Although the mayor sets LFEPA’s budget and appoints its members, the body operates as a legally separate authority in its own right and takes decisions through majority votes, as in a local council.
With membership determined by the parties’ respective performance in local elections it’s possible for a majority of LFEPA members to come from different parties than the mayor, pitching the body against the mayor’s policy and budgetary objectives.
In order to avoid deadlock between LFEPA and City Hall the last Labour government gave the mayor the power to overrule and ‘direct’ the authority to follow his instructions.
That power remained unused until 2013 when Boris Johnson used it to order a consultation on plans to close fire stations and axe fire engines in the wake of cuts in both City Hall and UK Government grants.
Mr Johnson has since used the power to force authority members to sell former fire stations below market price and to consider plans to withhold a full shift’s pay from firefighters who strike for just part of a shift in order to reduce the cost of providing emergency fire cover during industrial action.
Each of these interventions prompted complaints from authority members that the mayor was usurping their role while he argued that he was ultimately responsible for ensuring the brigade’s finances were balanced while the frontline service was protected from spending cuts.
Relations between LFEPA members and City Hall deteriorated after the mayor asked ministers to increase the number of appointments he could make to the authority, with members accusing him of a “power grab”.
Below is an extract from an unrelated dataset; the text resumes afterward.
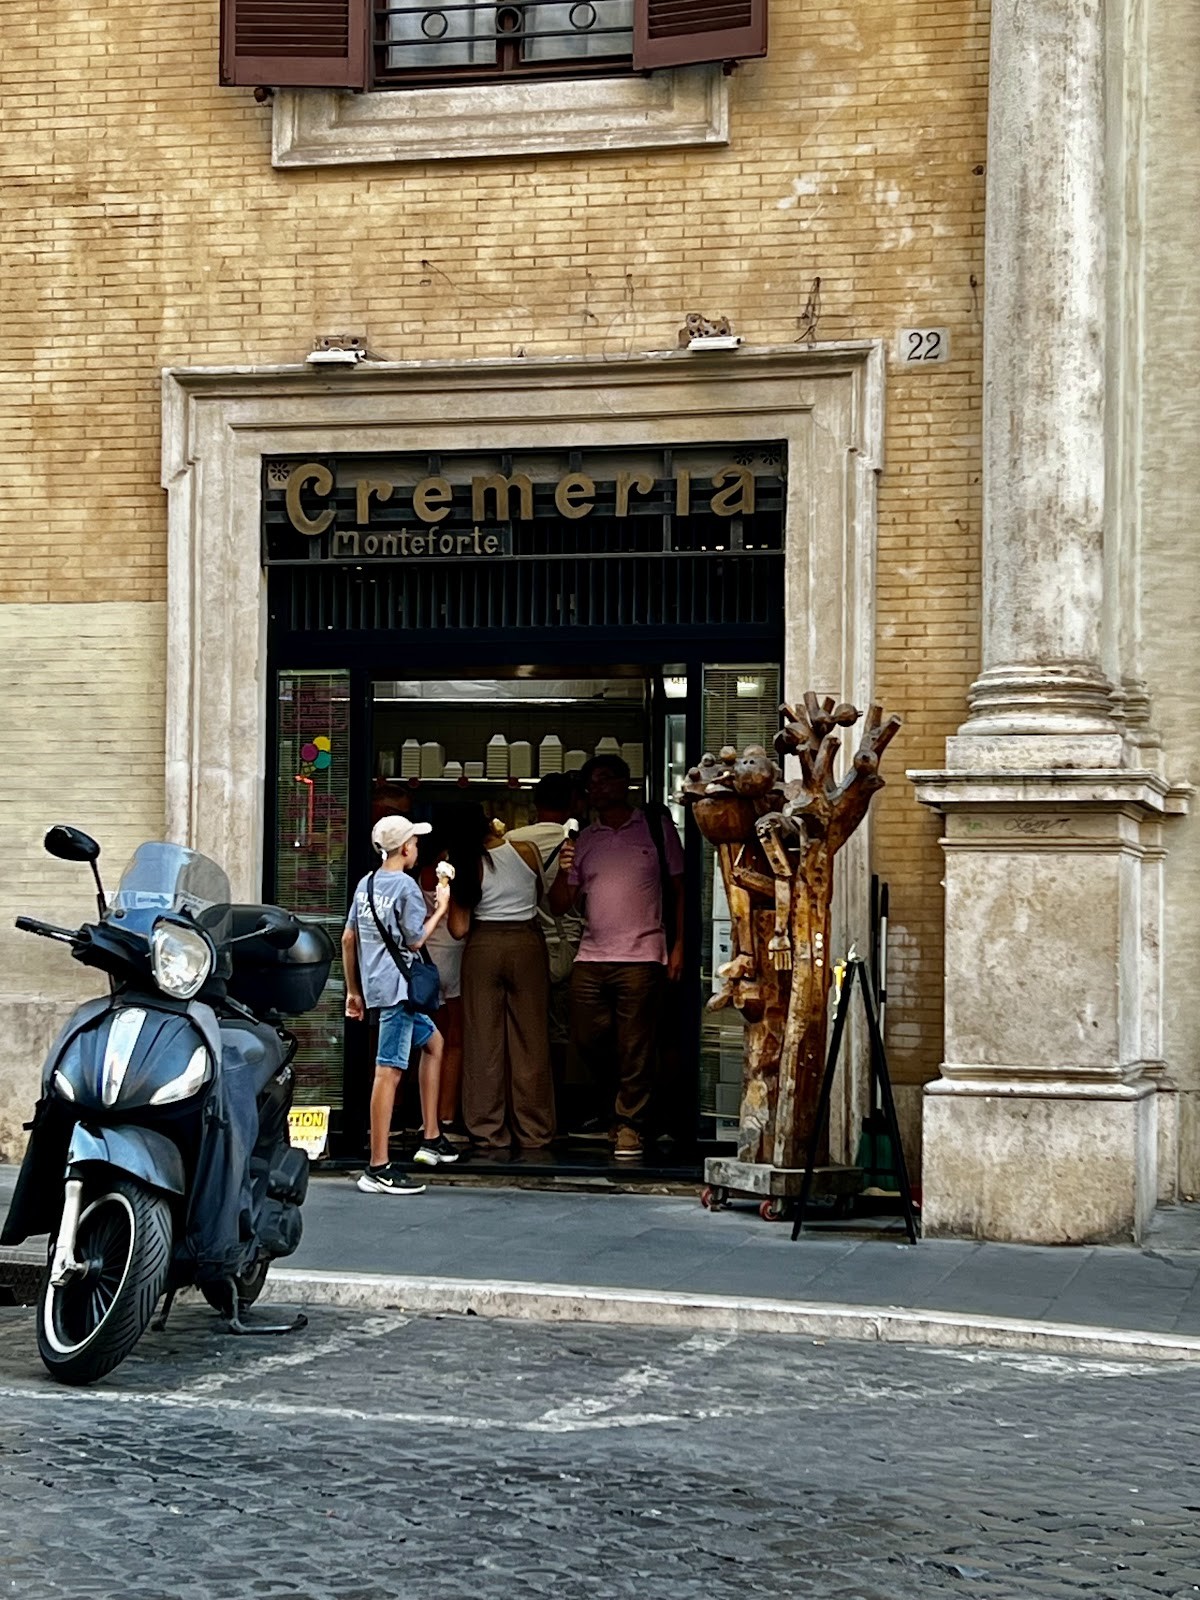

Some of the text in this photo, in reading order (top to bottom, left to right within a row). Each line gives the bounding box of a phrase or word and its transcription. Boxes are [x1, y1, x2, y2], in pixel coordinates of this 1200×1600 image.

Last year ministers went further and brought forward proposals to abolish LFEPA entirely and today confirmed that legislation would be brought forward to pass day to day control of the brigade to the London Fire Commissioner who will in future answer to the Mayor or a deputy mayor for fire who will set the brigade’s budgets and strategic direction.
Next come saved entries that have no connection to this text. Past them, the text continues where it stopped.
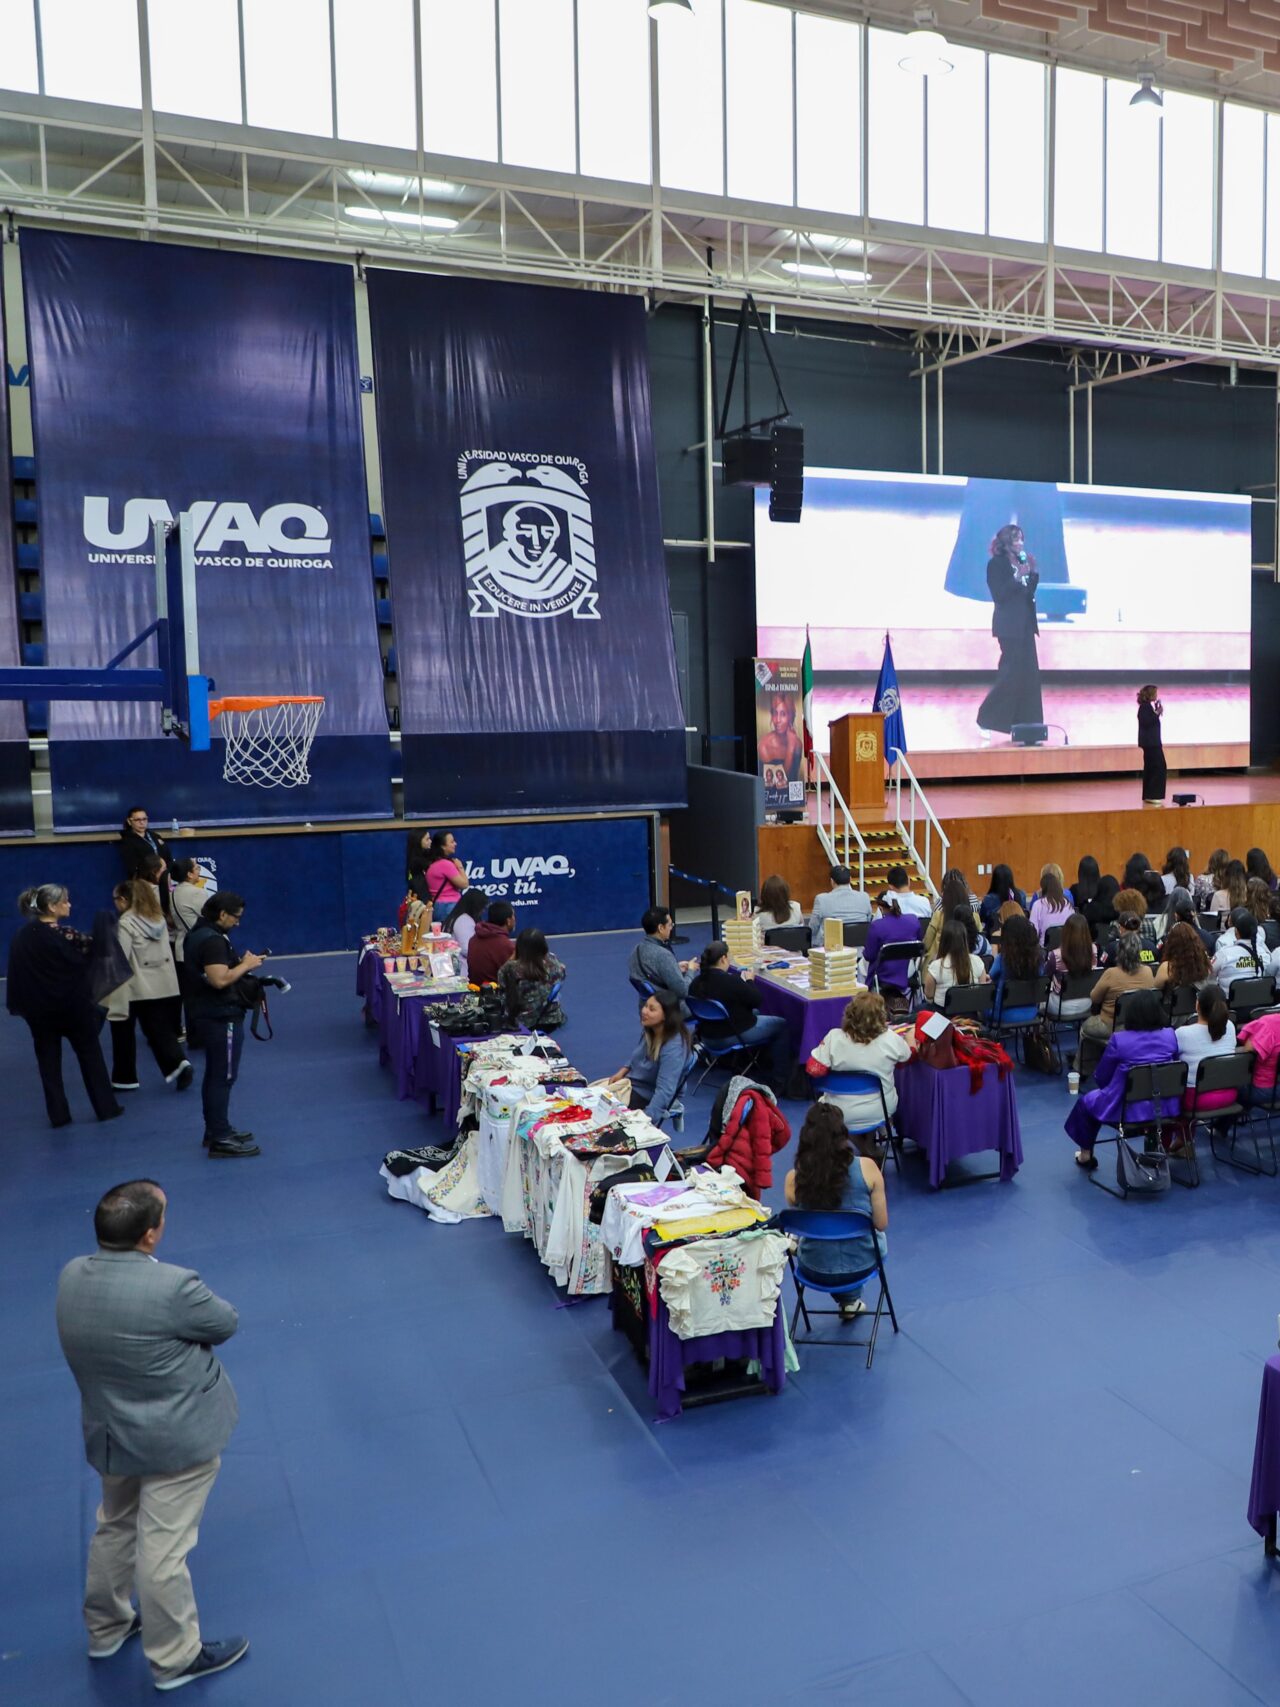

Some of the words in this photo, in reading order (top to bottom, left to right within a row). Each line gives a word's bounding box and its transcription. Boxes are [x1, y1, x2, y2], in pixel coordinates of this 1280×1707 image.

[457, 450, 506, 480] UNIVERSIDAD
[507, 452, 540, 464] VASCO
[541, 454, 553, 464] DE
[554, 455, 589, 485] QUIROGA
[83, 496, 332, 554] UVAQ
[88, 553, 158, 565] UNIVERSI
[245, 557, 264, 568] DE
[267, 558, 333, 569] QUIROGA
[483, 578, 527, 611] EDUCERE
[529, 602, 541, 612] IN
[542, 581, 583, 611] VERITATE
[491, 854, 576, 878] UVAQ,
[513, 876, 542, 895] tú.
A new Fire and Emergency Planning Committee will be formed by the London Assembly which will become responsible for scrutinising the commissioner, brigade and mayor.
These arrangements mirror the 2012 changes to police governance when the Metropolitan Police Authority was replaced with the Mayor’s Office for Policing and Crime (MOPAC) and a new Assembly Police and Crime committee established to hold the Met and MOPAC to account.
Commenting on today’s announcement, a spokesperson for Mayor Johnson said: “The Mayor has long argued for greater democratic accountability and welcomes the Government’s plans to abolish the London Fire and Emergency Planning Authority and place oversight of fire services directly with the Mayoralty.
“While both the police and fire services in the capital already form part of the Mayor’s Greater London Authority Group, this important change will help streamline the decision making processes and provide a more efficient and effective fire service. There will also be further opportunities to share functions with the police service.”
Sadiq Khan, Labour’s candidate to succeed Mr Johnson, commented: “I welcome the Mayor taking over direct responsibility for the city’s fire services – but what we also need is a Mayor who is not cutting the number of fire engines on London’s streets.
“Londoners’ safety has been put at risk by Tory cuts to fire engines, and enough is enough.”
Labour’s London Assembly Fire Spokesperson, Fiona Twycross AM, said: “LFEPA has continually been undermined by Boris Johnson’s interference in the day to day matters of the Brigade’s work. In a time when London’s emergency services face unprecedented challenges any move to make our fire service more transparent and open to public scrutiny is welcome.
“A transparent service, underpinned by strong accountability and oversight, is essential for ensuring that we can protect frontline services and the safety of Londoners. But ultimately, whether or not this offer delivers for Londoners will also depend on whether the Mayor is willing to make the safety of people in our capital a priority.”